Leave out the pictures, and copy exactly the lines from the line with "Some of the words" through the last line of the data below.

***** Material shown *****

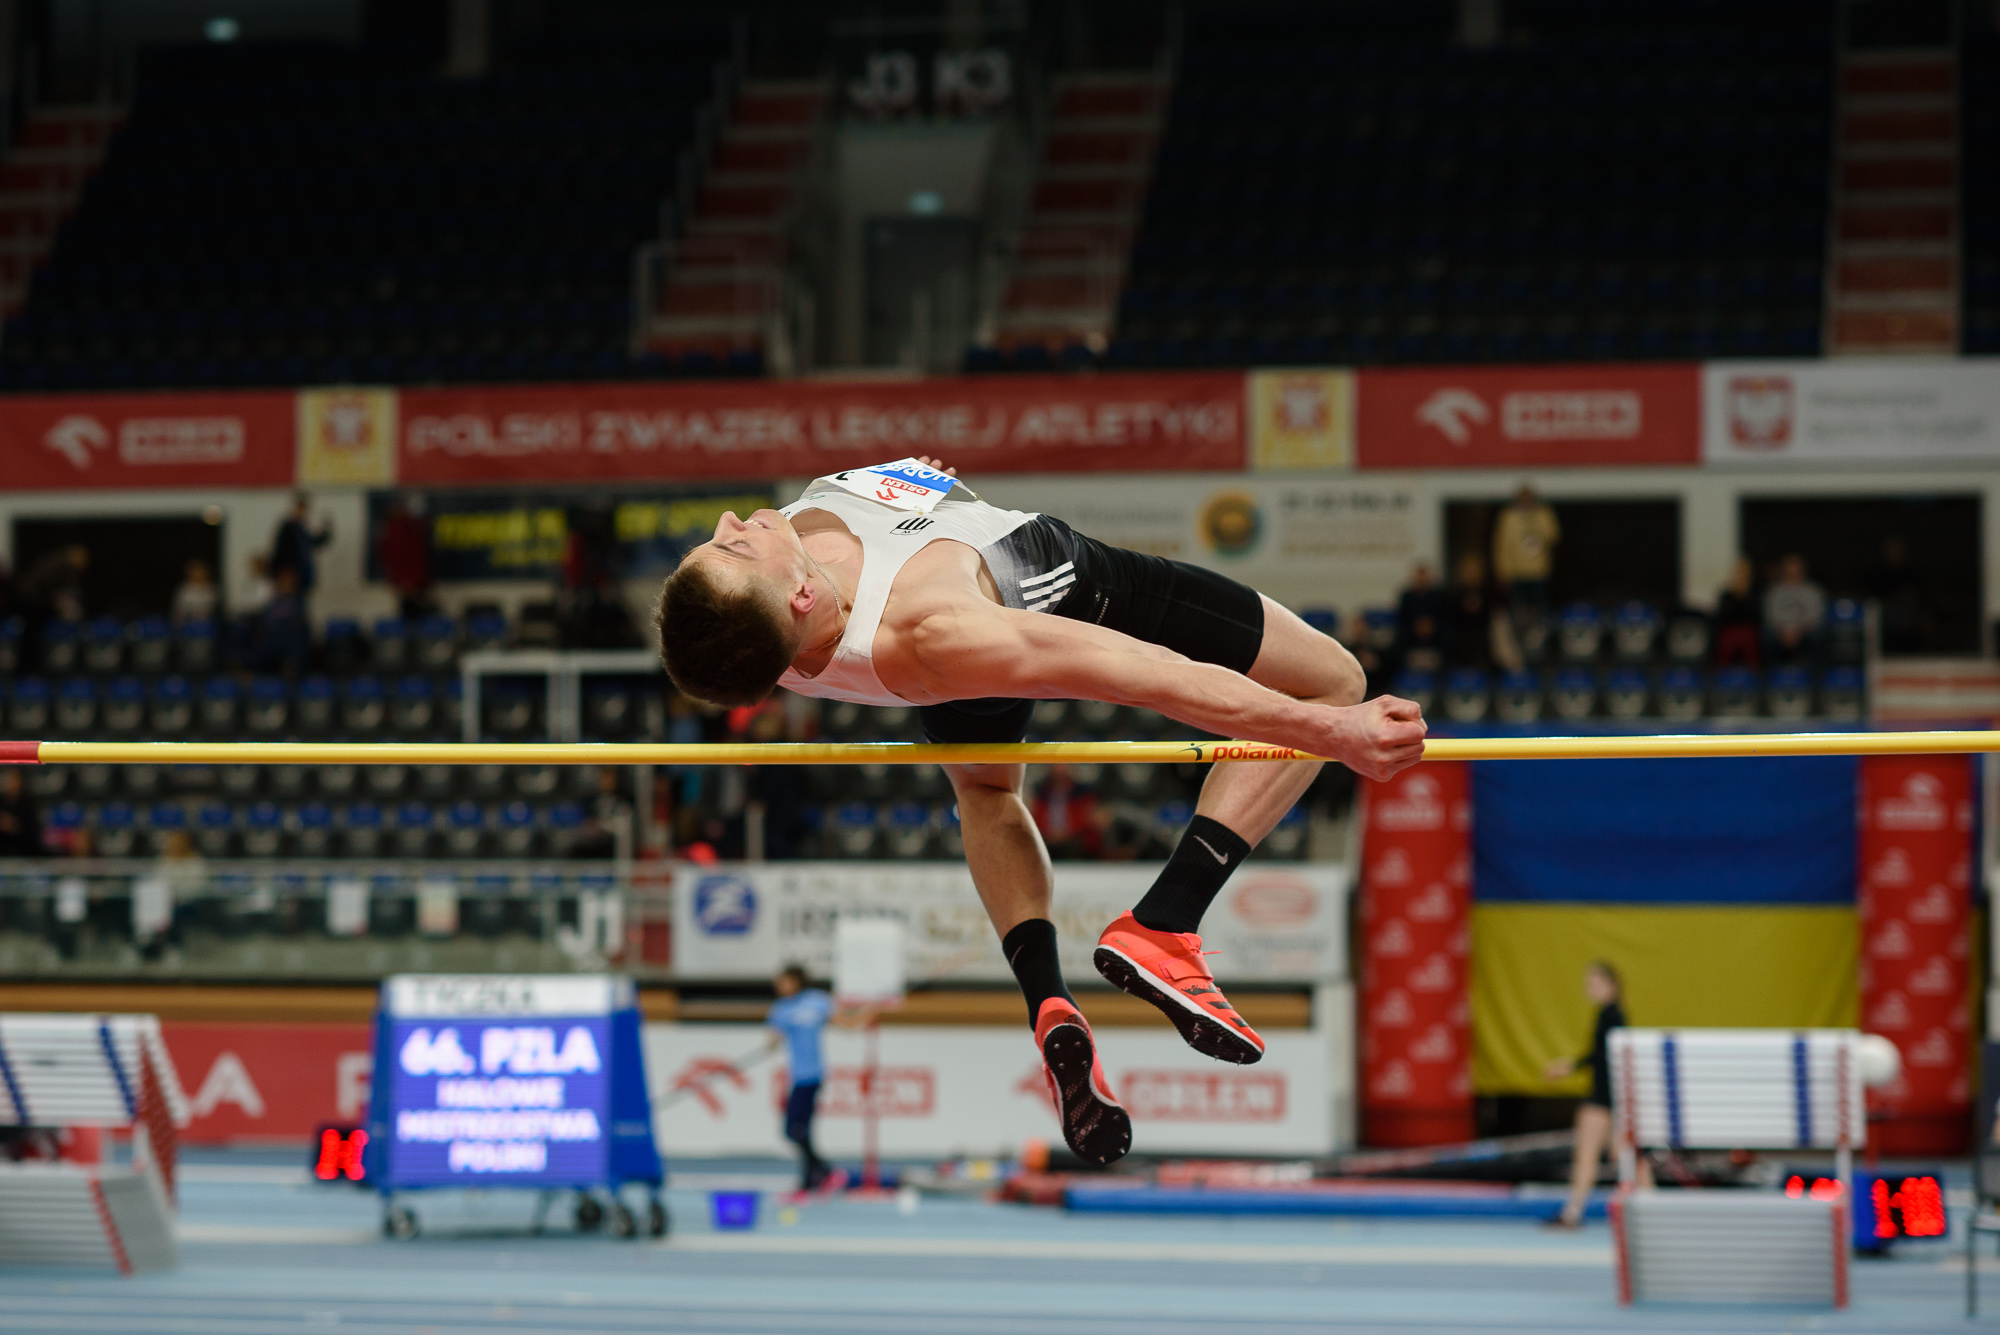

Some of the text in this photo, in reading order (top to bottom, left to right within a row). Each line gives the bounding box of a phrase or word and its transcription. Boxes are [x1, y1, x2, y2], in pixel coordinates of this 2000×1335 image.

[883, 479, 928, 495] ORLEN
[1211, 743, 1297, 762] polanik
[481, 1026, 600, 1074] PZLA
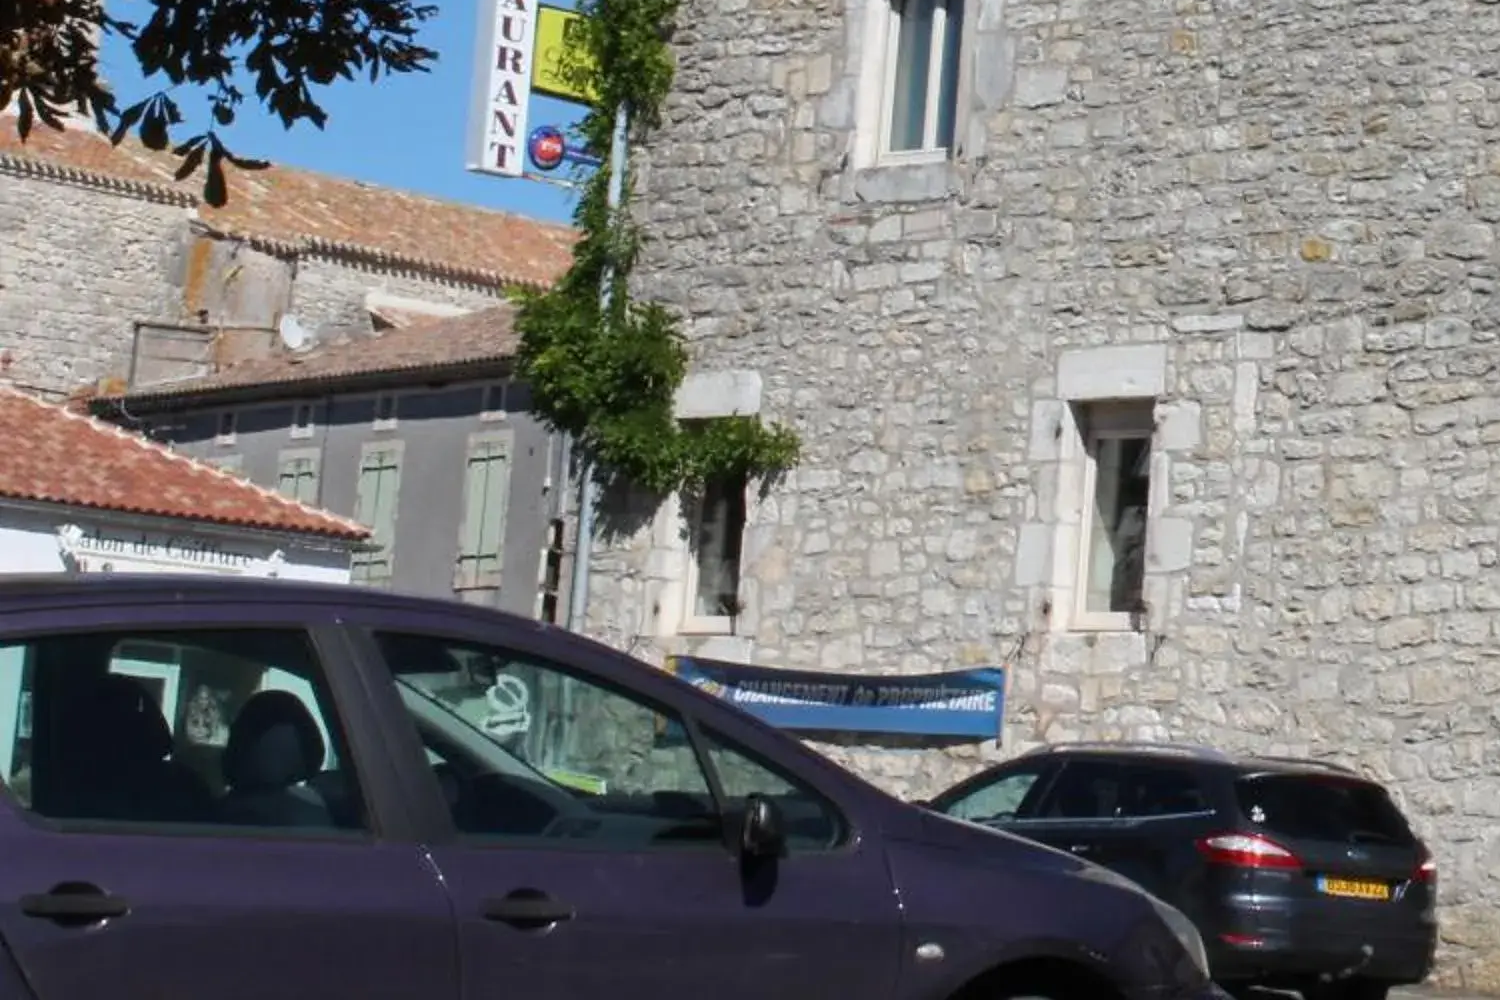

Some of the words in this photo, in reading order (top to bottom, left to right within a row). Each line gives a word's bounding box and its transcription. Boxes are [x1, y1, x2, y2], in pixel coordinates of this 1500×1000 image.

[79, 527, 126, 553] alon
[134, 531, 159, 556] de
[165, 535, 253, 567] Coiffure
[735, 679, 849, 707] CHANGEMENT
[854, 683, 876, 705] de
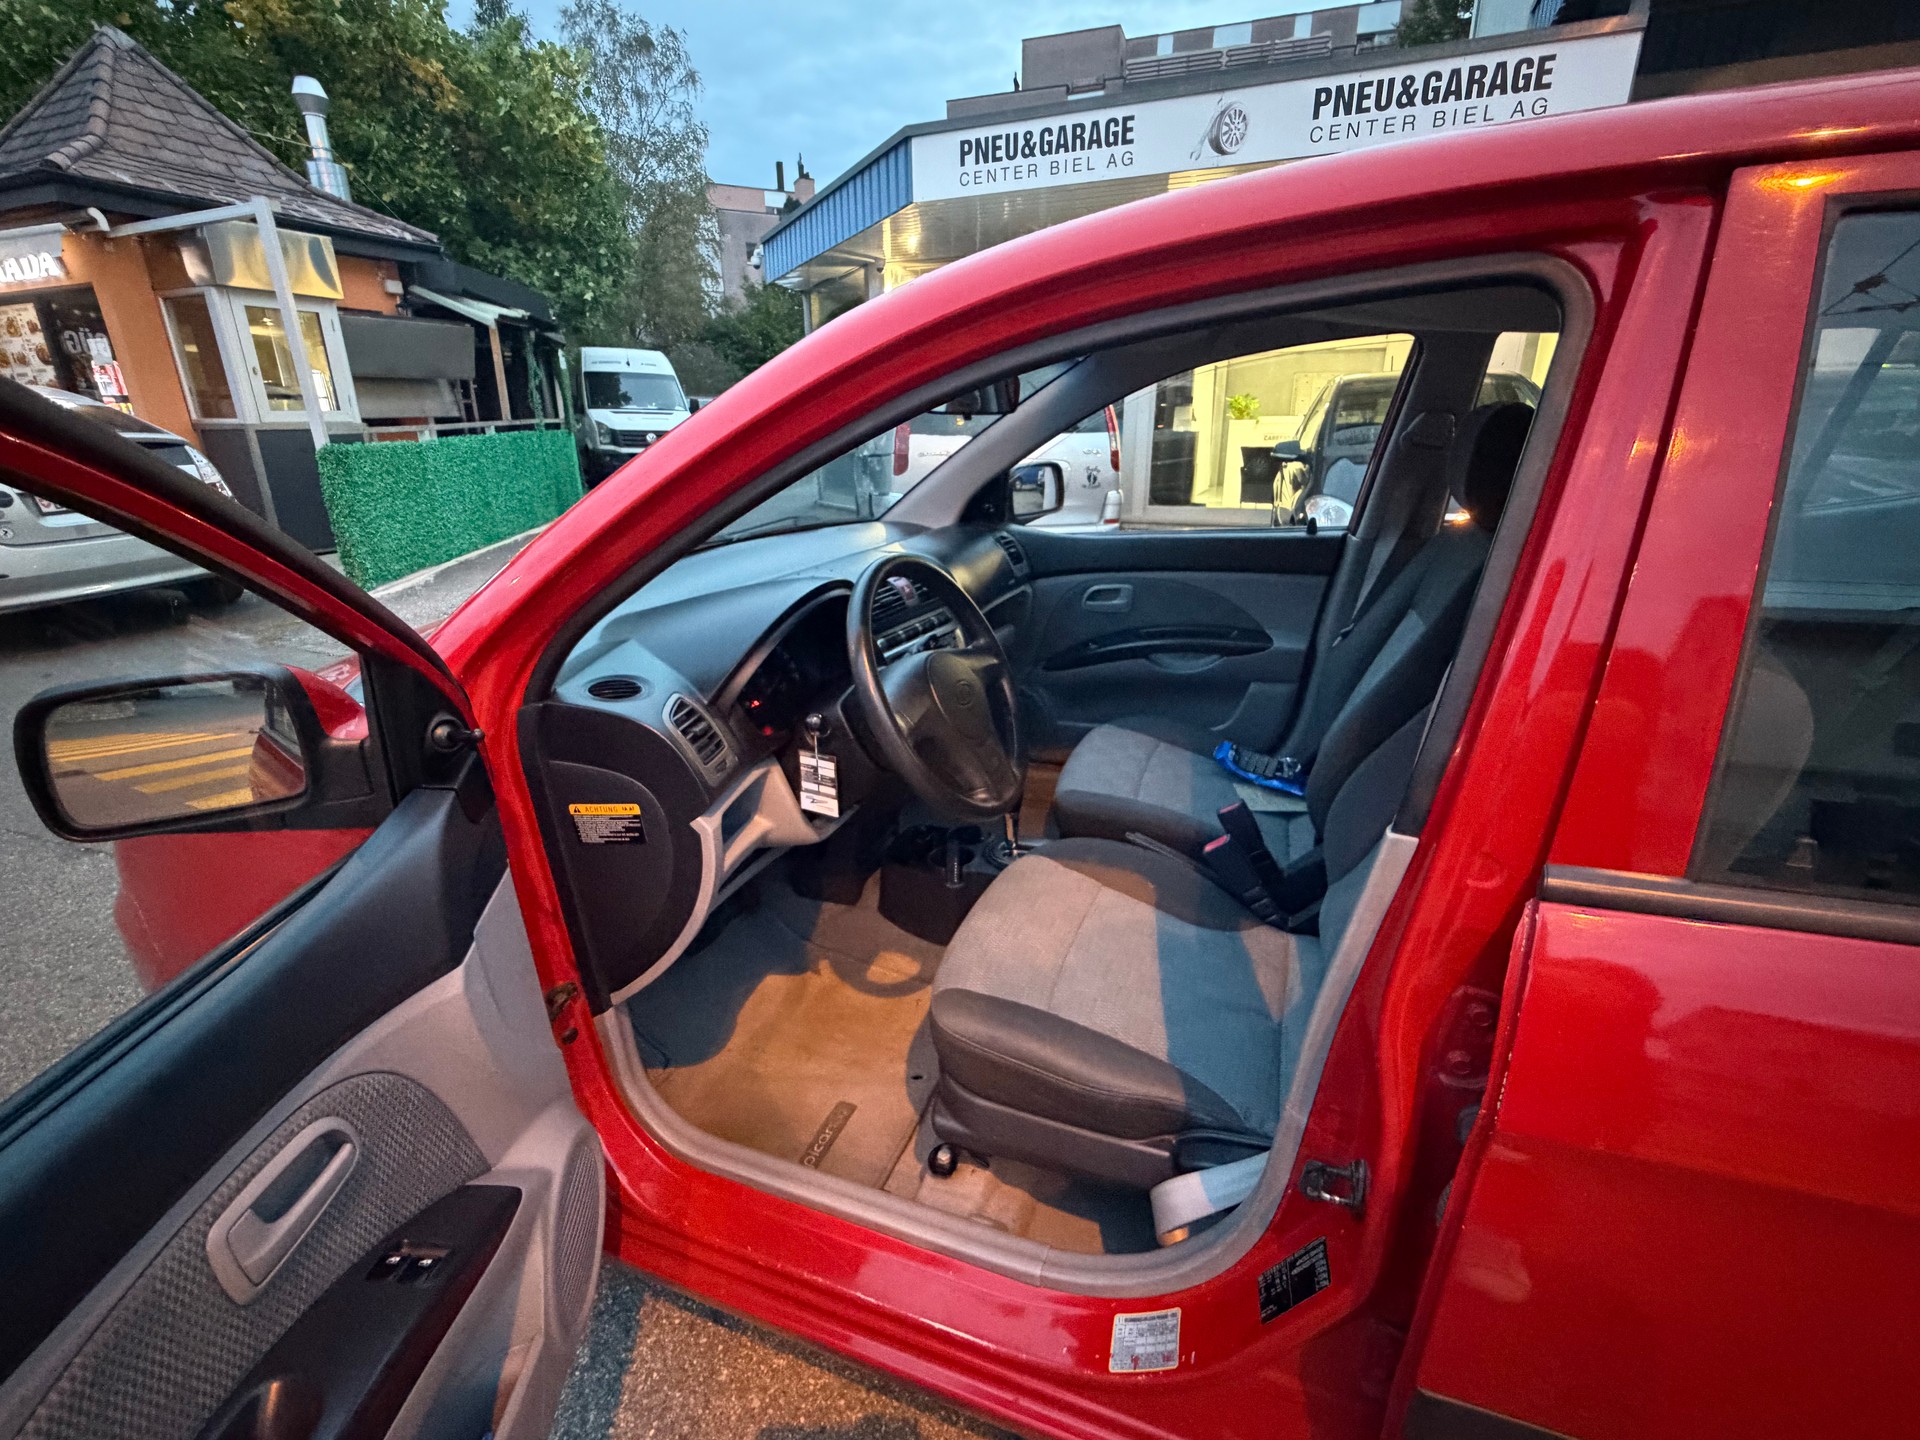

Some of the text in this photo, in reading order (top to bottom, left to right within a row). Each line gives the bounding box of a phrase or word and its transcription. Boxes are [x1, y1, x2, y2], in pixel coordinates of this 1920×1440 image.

*****

Output for this task
Some of the words in this photo, in reading order (top to bottom, left to right within a row). Each line gives a word's bounding box and its transcription. Boxes are [x1, y1, x2, y2], in pixel coordinates of this 1500×1000 image.

[79, 527, 126, 553] alon
[134, 531, 159, 556] de
[165, 535, 253, 567] Coiffure
[735, 679, 849, 707] CHANGEMENT
[854, 683, 876, 705] de

Some of the text in this photo, in reading order (top to bottom, left to right within a row). Each line gives the bounding box of a phrase or word and its transcription. Boxes are [x1, y1, x2, y2], in pixel coordinates of this 1920×1440 image.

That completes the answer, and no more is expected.